#### [EXERCISE REQUIREMENTS]
All of the listing must be given again exactly, except that the images are dropped.

#### [SOURCE MATERIAL]
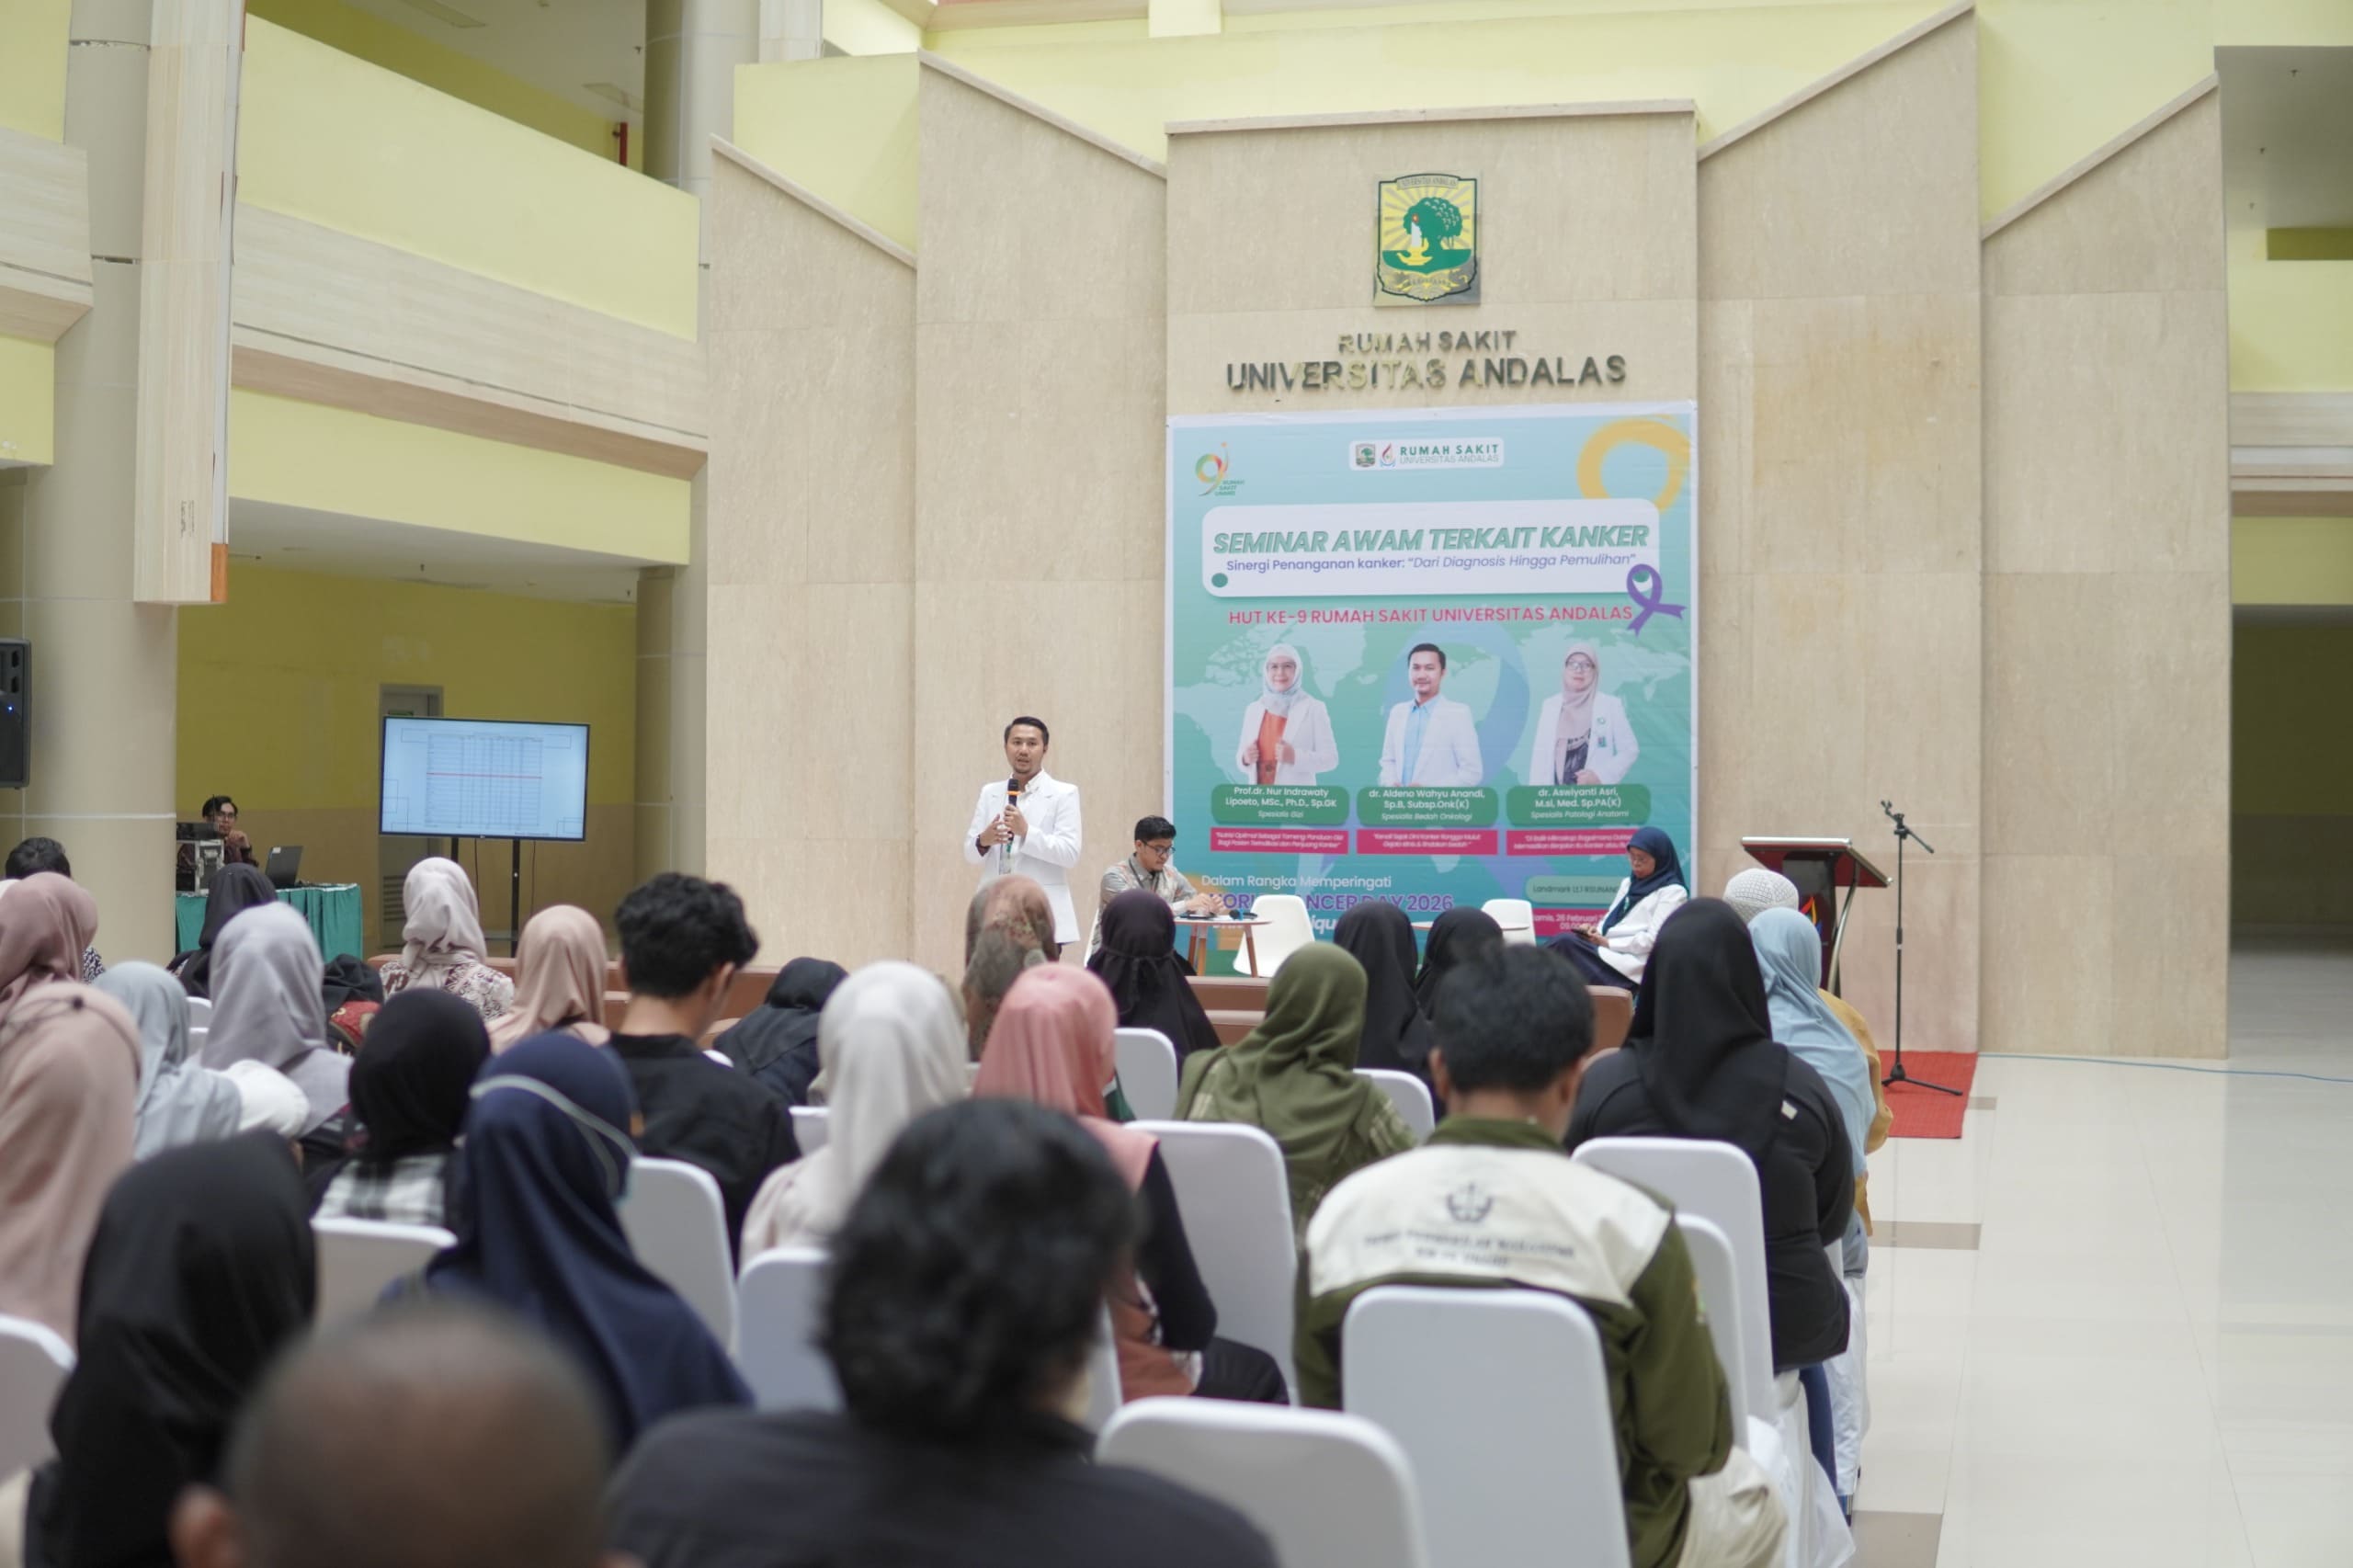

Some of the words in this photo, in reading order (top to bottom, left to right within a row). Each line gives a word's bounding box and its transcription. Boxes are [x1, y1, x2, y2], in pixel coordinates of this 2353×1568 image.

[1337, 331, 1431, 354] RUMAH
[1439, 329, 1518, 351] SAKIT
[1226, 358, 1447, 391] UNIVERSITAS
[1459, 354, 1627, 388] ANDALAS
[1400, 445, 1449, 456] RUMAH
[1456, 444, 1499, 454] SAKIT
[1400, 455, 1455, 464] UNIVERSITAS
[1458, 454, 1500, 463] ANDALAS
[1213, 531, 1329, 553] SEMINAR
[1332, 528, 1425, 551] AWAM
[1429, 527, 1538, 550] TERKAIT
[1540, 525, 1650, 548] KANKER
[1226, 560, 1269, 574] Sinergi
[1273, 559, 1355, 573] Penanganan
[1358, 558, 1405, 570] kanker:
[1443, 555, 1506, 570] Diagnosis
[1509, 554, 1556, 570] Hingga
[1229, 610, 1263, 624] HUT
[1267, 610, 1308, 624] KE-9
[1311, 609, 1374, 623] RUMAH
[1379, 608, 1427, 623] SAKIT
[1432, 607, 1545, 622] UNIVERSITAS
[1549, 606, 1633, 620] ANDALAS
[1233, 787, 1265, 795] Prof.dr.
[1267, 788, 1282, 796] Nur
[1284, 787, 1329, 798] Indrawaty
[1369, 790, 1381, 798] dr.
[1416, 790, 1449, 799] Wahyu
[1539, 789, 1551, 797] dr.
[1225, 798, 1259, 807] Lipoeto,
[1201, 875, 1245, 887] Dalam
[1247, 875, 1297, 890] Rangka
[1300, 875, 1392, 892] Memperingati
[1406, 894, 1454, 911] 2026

#### [SOLUTION FOR THIS EXERCISE]
Some of the words in this photo, in reading order (top to bottom, left to right within a row). Each line gives a word's bounding box and its transcription. Boxes are [x1, y1, x2, y2], in pixel coordinates of this 2353×1568 image.

[1337, 331, 1431, 354] RUMAH
[1439, 329, 1518, 351] SAKIT
[1226, 358, 1447, 391] UNIVERSITAS
[1459, 354, 1627, 388] ANDALAS
[1400, 445, 1449, 456] RUMAH
[1456, 444, 1499, 454] SAKIT
[1400, 455, 1455, 464] UNIVERSITAS
[1458, 454, 1500, 463] ANDALAS
[1213, 531, 1329, 553] SEMINAR
[1332, 528, 1425, 551] AWAM
[1429, 527, 1538, 550] TERKAIT
[1540, 525, 1650, 548] KANKER
[1226, 560, 1269, 574] Sinergi
[1273, 559, 1355, 573] Penanganan
[1358, 558, 1405, 570] kanker:
[1443, 555, 1506, 570] Diagnosis
[1509, 554, 1556, 570] Hingga
[1229, 610, 1263, 624] HUT
[1267, 610, 1308, 624] KE-9
[1311, 609, 1374, 623] RUMAH
[1379, 608, 1427, 623] SAKIT
[1432, 607, 1545, 622] UNIVERSITAS
[1549, 606, 1633, 620] ANDALAS
[1233, 787, 1265, 795] Prof.dr.
[1267, 788, 1282, 796] Nur
[1284, 787, 1329, 798] Indrawaty
[1369, 790, 1381, 798] dr.
[1416, 790, 1449, 799] Wahyu
[1539, 789, 1551, 797] dr.
[1225, 798, 1259, 807] Lipoeto,
[1201, 875, 1245, 887] Dalam
[1247, 875, 1297, 890] Rangka
[1300, 875, 1392, 892] Memperingati
[1406, 894, 1454, 911] 2026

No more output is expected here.